▸ Problem description:
Except for the pictures, retype the records that follow exactly.

▸ Data extract:
* * * * * * * * *

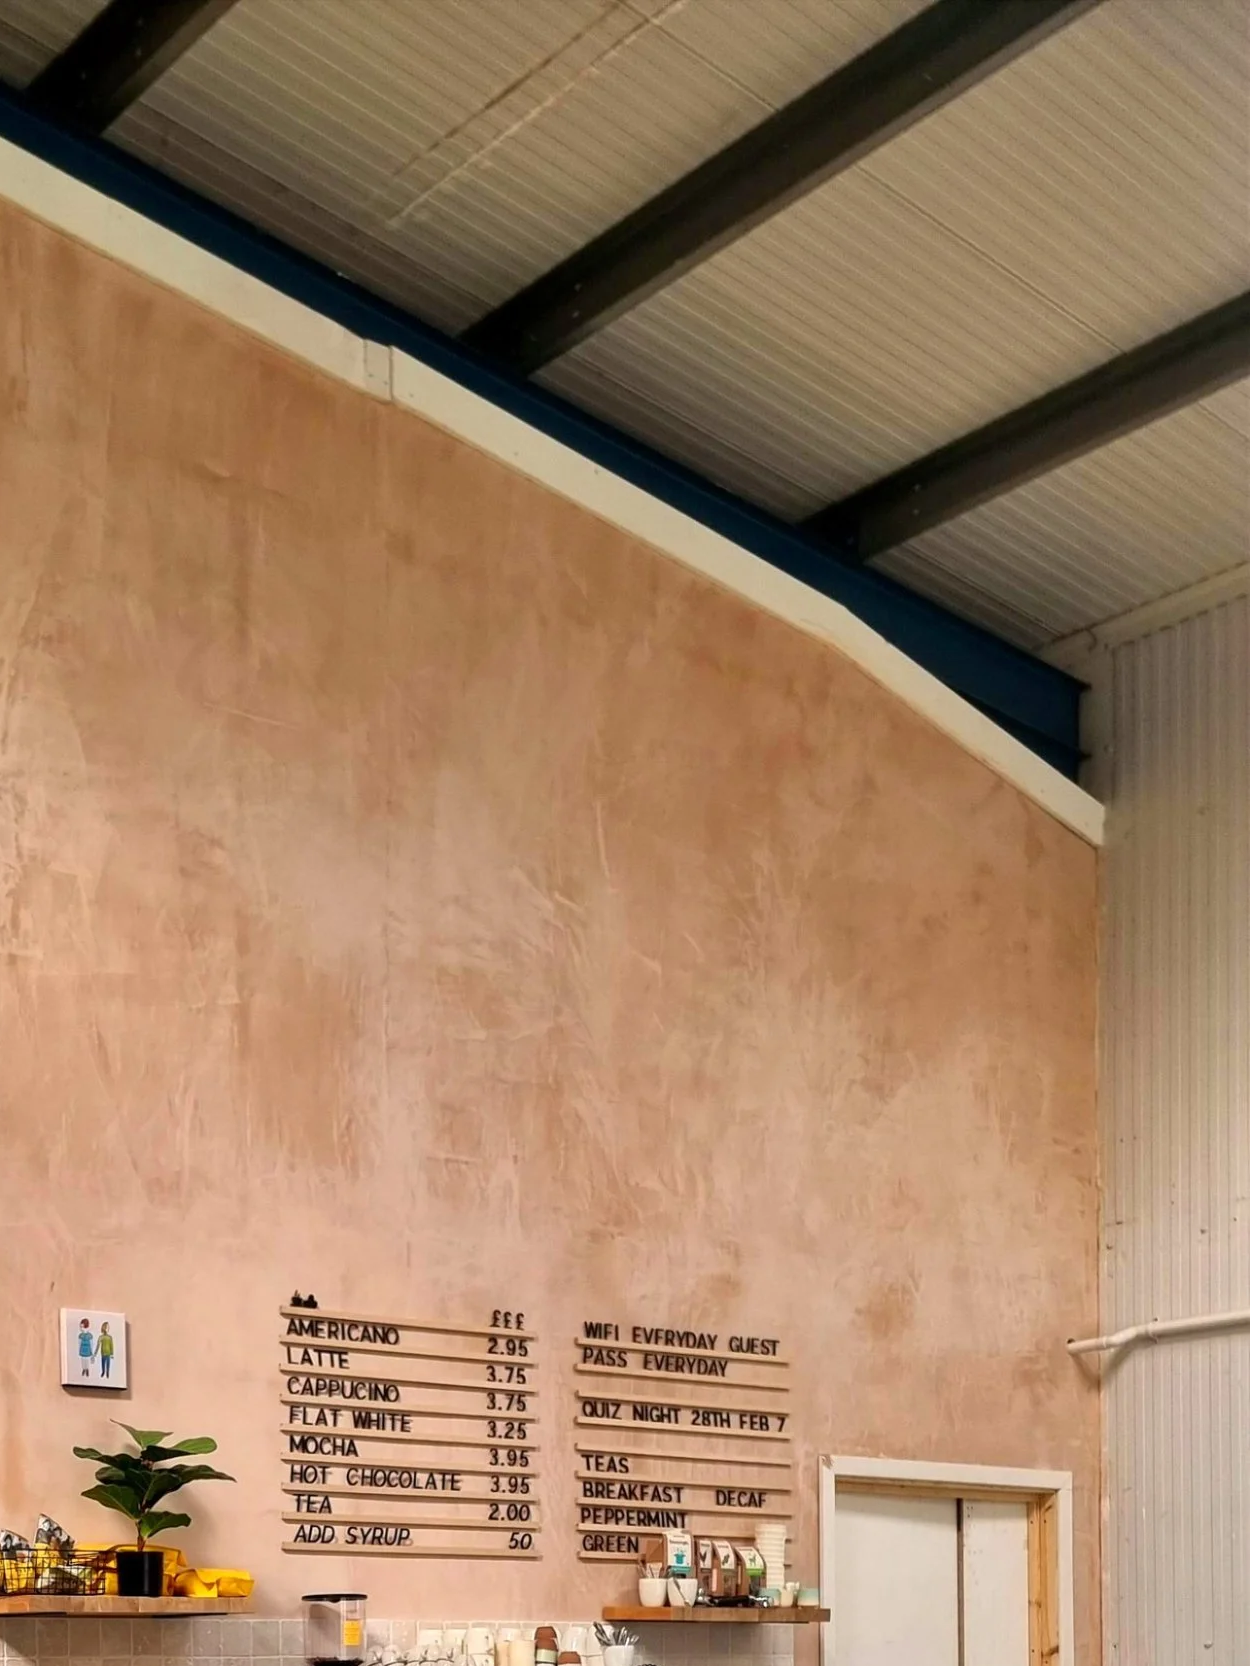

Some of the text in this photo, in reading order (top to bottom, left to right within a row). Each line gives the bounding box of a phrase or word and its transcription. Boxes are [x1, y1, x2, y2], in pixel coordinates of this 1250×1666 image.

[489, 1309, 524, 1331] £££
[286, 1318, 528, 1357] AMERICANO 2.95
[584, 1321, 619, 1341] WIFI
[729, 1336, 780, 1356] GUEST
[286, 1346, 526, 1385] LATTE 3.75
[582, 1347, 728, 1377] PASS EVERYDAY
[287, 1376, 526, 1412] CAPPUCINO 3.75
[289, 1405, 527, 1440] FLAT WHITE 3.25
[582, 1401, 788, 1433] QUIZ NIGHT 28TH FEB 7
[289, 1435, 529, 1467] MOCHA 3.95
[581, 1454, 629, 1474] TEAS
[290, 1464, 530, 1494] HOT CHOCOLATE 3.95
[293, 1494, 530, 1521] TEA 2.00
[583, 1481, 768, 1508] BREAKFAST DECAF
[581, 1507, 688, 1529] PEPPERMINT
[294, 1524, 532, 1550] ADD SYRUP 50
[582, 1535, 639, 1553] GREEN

* * * * * * * * *

▸ Solved problem:
Some of the text in this photo, in reading order (top to bottom, left to right within a row). Each line gives the bounding box of a phrase or word and its transcription. Boxes are [x1, y1, x2, y2], in pixel coordinates of this 1250×1666 image.

[489, 1309, 524, 1331] £££
[286, 1318, 528, 1357] AMERICANO 2.95
[584, 1321, 619, 1341] WIFI
[729, 1336, 780, 1356] GUEST
[286, 1346, 526, 1385] LATTE 3.75
[582, 1347, 728, 1377] PASS EVERYDAY
[287, 1376, 526, 1412] CAPPUCINO 3.75
[289, 1405, 527, 1440] FLAT WHITE 3.25
[582, 1401, 788, 1433] QUIZ NIGHT 28TH FEB 7
[289, 1435, 529, 1467] MOCHA 3.95
[581, 1454, 629, 1474] TEAS
[290, 1464, 530, 1494] HOT CHOCOLATE 3.95
[293, 1494, 530, 1521] TEA 2.00
[583, 1481, 768, 1508] BREAKFAST DECAF
[581, 1507, 688, 1529] PEPPERMINT
[294, 1524, 532, 1550] ADD SYRUP 50
[582, 1535, 639, 1553] GREEN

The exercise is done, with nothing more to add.